Recommended Reference/s: Note: References are provided for guidance purposes only. Students are advised to consult these books in the university library. Purchase is not required.
Note on Resources: There is no set textbook. Many general books on biomechanics, biomaterials, anatomy and physiology are in the Scitech, Badham, Medical, or Dental libraries.

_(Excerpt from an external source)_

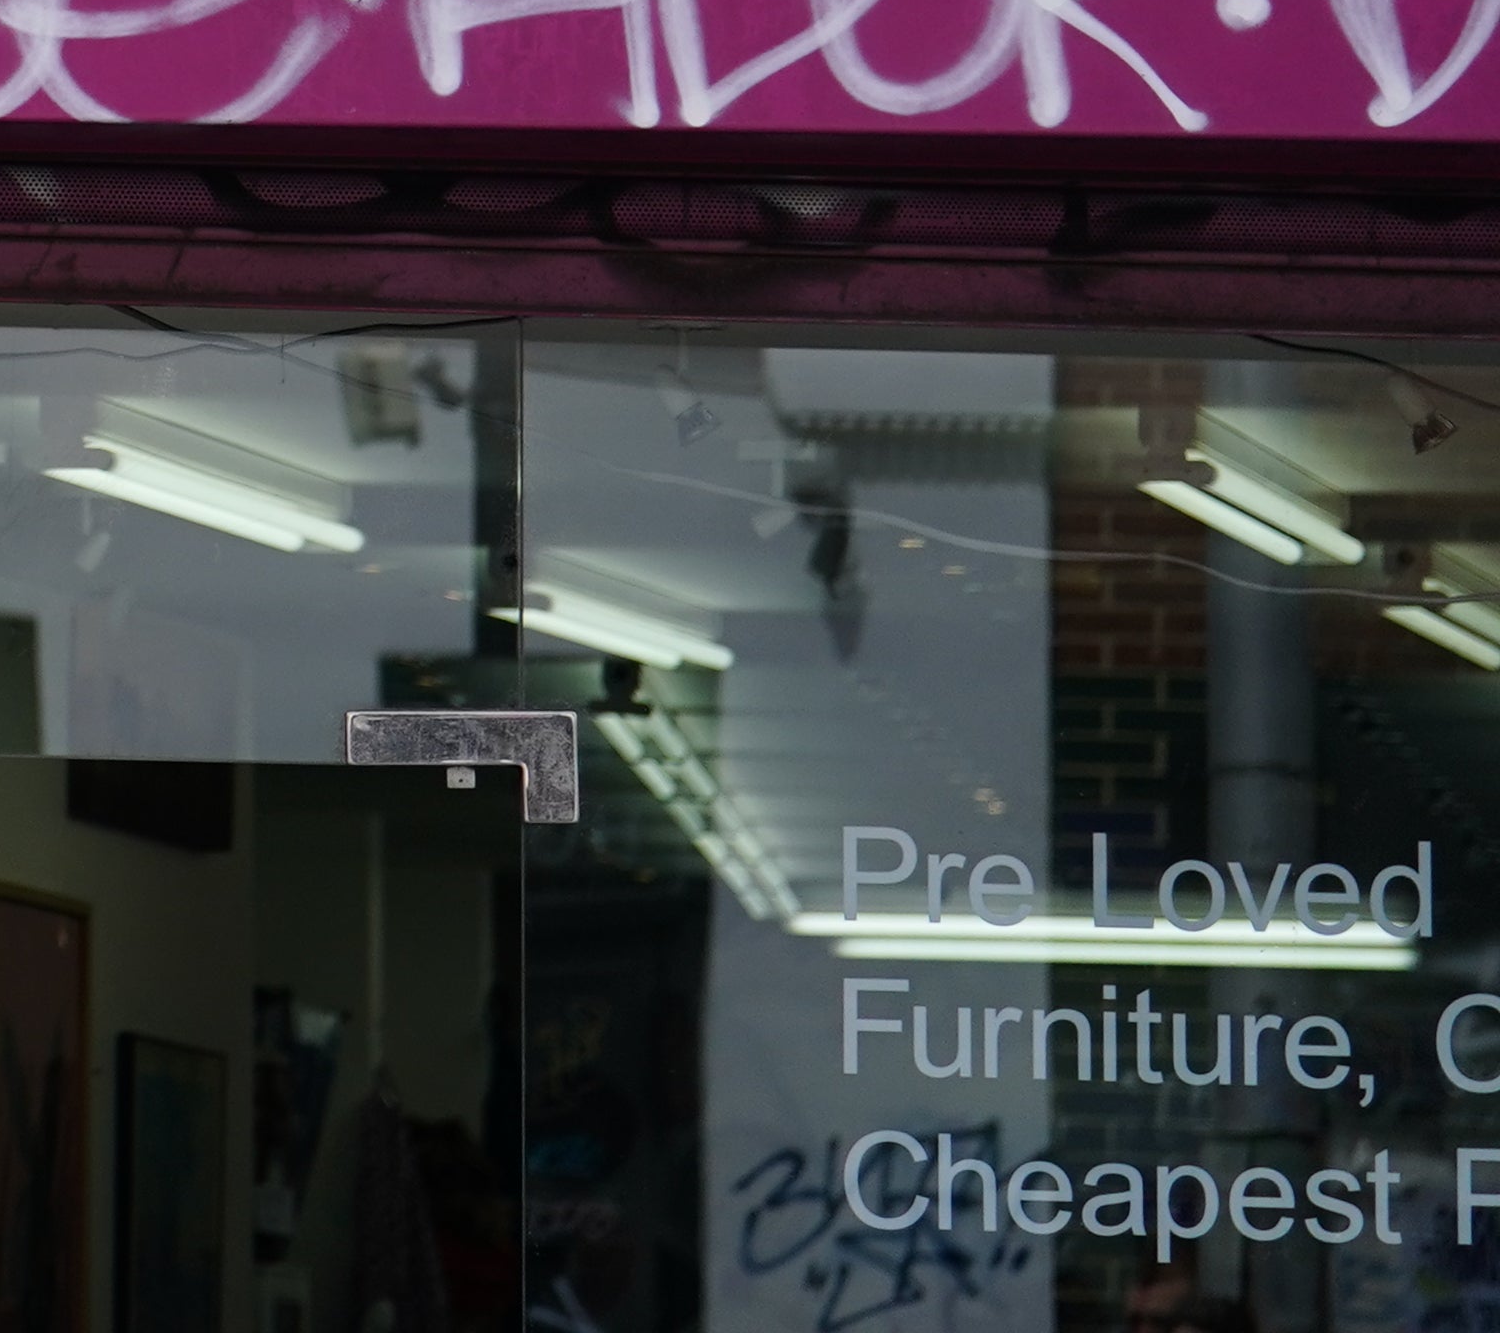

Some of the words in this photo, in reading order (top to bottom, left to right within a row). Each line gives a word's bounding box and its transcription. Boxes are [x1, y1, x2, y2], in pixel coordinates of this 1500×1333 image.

[842, 826, 1035, 926] Pre
[1092, 832, 1433, 939] Loved
[843, 978, 1375, 1108] Furniture,
[844, 1130, 1403, 1264] Cheapest

Note that the "Weeks" referred to in this Schedule are those of the official university semester calendar https://web.timetable.usyd.edu.au/calendar.jsp

Week Description
Week 1 Lecture: Introduction to Biomaterials
Week 2 Lecture: Foreign materials in tissues and the body's response
Week 3 Lecture: Metals and metal alloys in biomedical engineering - their strengths and fatal flaws
Week 4 Lecture: Polymers and hydrogels - soft and versatile
Week 5 Lecture: Ceramics and glasses - if only they were tough
Week 6 Lecture: Materials in biomedical devices and implants
Assessment Due: Group research report
Week 7 Lecture: Introduction to Biomechanics + whole body biomechanics
Week 8 Lecture: Stress, strain, extension and torsion, and biomechanics of bone and other load bearing tissues
Week 9 Lecture: Pressure inside tubes and vessels - biomechanics of biological conduits
Week 10 Lecture: Fluid biomechanics and the flow of blood
Assessment Due: Biomechanics Lab Report
Week 11 Lecture: Thesis seminar presentations (no lecture for this week)
Week 12 Lecture: Viscoelasticity of soft tissues
Assessment Due: Group design project
Week 13 Revision
Exam Period Assessment Due: Final Exam

Course Relations

The following is a list of courses which have added this Unit to their structure.

Course Year(s) Offered
Master of Professional Engineering (Accelerated) (Biomedical) 2019, 2020
Master of Professional Engineering (Biomedical) 2019, 2020
Graduate Diploma in Health Technology Innovation 2019, 2020
Master of Engineering 2019, 2020
Master of Health Technology Innovation 2019, 2020

Course Goals

This unit contributes to the achievement of the following course goals:

Attribute Practiced Assessed
(7) Project and Team Skills (Level 3) Yes 6%
(8) Professional Effectiveness and Ethical Conduct (Level 3) Yes 6%
(6) Communication and Inquiry/ Research (Level 3) Yes 10.5%
(5) Interdisciplinary, Inclusiveness, Influence (Level 3) Yes 12.5%
(3) Problem Solving and Inventiveness (Level 3) Yes 6%
(4) Design (Level 3) Yes 6%
(2) Engineering/ IT Specialisation (Level 3) Yes 53%

These goals are selected from Engineering & IT Graduate Outcomes Table 2018 which defines overall goals for courses where this unit is primarily offered. See Engineering & IT Graduate Outcomes Table 2018 for details of the attributes and levels to be developed in the course as a whole. Percentage figures alongside each course goal provide a rough indication of their relative weighting in assessment for this unit. Note that not all goals are necessarily part of assessment. Some may be more about practice activity. See Learning outcomes for details of what is assessed in relation to each goal and Assessment for details of how the outcome is assessed. See Attributes for details of practice provided for each goal.